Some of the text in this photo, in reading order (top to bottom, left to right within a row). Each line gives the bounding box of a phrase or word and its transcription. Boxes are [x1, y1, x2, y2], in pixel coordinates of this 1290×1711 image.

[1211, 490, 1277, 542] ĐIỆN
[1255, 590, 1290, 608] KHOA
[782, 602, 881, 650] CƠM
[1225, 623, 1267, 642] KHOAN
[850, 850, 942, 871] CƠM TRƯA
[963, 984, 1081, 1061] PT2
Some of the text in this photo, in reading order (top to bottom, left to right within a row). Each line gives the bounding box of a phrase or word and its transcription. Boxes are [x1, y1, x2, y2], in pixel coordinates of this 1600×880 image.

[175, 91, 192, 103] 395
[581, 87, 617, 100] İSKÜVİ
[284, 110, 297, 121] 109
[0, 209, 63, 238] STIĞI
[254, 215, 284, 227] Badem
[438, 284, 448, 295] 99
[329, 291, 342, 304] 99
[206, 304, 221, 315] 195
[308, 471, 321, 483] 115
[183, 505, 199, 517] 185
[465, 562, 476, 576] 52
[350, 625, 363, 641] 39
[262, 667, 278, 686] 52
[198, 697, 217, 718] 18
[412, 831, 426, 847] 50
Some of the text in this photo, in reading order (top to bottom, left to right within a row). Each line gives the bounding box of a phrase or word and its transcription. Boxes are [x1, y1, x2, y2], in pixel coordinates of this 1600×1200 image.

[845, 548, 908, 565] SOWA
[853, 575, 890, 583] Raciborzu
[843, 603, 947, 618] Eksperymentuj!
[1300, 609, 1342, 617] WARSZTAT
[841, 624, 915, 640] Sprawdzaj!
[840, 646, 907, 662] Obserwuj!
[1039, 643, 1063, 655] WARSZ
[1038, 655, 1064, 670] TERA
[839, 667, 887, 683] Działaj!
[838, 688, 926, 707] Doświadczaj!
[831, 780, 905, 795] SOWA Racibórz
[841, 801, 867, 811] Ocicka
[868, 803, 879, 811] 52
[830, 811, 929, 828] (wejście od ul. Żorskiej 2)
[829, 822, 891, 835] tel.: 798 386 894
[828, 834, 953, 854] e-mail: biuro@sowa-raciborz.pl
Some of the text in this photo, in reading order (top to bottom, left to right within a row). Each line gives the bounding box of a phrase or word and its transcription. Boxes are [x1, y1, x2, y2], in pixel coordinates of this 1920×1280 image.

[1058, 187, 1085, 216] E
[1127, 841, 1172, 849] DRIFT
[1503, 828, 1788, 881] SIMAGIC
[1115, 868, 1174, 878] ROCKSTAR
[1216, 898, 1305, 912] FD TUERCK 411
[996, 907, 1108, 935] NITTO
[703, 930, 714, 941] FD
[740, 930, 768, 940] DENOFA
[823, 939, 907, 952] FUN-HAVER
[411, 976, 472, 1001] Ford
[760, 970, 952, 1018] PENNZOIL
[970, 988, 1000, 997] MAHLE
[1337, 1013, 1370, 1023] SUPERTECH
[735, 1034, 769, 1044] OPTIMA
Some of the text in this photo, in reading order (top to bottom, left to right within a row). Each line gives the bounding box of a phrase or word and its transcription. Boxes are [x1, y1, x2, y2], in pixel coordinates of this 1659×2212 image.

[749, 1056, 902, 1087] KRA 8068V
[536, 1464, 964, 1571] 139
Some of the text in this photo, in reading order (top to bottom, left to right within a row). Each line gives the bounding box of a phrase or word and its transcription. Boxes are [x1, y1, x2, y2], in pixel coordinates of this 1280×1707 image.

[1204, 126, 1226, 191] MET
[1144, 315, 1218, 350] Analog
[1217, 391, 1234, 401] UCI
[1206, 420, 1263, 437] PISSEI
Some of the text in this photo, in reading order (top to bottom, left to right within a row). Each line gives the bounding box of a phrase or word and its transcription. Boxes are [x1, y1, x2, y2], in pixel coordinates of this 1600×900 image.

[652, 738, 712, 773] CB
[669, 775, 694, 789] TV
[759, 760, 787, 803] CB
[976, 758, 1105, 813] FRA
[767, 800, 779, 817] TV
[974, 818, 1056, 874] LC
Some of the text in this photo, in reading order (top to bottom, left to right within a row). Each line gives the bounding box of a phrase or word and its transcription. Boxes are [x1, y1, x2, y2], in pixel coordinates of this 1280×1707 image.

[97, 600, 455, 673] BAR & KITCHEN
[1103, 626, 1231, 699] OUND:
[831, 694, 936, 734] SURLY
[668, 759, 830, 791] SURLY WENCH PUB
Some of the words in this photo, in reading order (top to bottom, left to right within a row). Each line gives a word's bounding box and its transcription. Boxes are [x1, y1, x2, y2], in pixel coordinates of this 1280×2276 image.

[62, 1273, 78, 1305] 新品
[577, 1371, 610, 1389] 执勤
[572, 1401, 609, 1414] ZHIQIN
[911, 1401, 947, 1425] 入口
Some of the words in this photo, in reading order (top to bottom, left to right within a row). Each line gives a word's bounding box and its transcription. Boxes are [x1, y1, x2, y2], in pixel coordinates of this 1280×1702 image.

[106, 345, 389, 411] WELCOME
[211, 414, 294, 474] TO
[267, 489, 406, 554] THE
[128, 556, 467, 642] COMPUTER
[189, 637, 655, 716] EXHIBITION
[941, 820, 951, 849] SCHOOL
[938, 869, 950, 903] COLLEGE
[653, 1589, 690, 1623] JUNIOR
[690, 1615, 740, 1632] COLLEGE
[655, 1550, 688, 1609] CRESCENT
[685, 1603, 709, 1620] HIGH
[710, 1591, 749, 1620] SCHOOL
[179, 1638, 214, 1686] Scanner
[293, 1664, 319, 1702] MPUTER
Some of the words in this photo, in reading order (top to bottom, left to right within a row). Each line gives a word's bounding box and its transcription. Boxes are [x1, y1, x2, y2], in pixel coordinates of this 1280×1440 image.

######

- _What is being asked_:
Using the line that contains "this 1280×2276 image." as the first, reproduce each line exactly through the last line of the listing.

- _Exercise answer_:
Some of the words in this photo, in reading order (top to bottom, left to right within a row). Each line gives a word's bounding box and its transcription. Boxes are [x1, y1, x2, y2], in pixel coordinates of this 1280×2276 image.

[62, 1273, 78, 1305] 新品
[577, 1371, 610, 1389] 执勤
[572, 1401, 609, 1414] ZHIQIN
[911, 1401, 947, 1425] 入口
Some of the words in this photo, in reading order (top to bottom, left to right within a row). Each line gives a word's bounding box and its transcription. Boxes are [x1, y1, x2, y2], in pixel coordinates of this 1280×1702 image.

[106, 345, 389, 411] WELCOME
[211, 414, 294, 474] TO
[267, 489, 406, 554] THE
[128, 556, 467, 642] COMPUTER
[189, 637, 655, 716] EXHIBITION
[941, 820, 951, 849] SCHOOL
[938, 869, 950, 903] COLLEGE
[653, 1589, 690, 1623] JUNIOR
[690, 1615, 740, 1632] COLLEGE
[655, 1550, 688, 1609] CRESCENT
[685, 1603, 709, 1620] HIGH
[710, 1591, 749, 1620] SCHOOL
[179, 1638, 214, 1686] Scanner
[293, 1664, 319, 1702] MPUTER
Some of the words in this photo, in reading order (top to bottom, left to right within a row). Each line gives a word's bounding box and its transcription. Boxes are [x1, y1, x2, y2], in pixel coordinates of this 1280×1440 image.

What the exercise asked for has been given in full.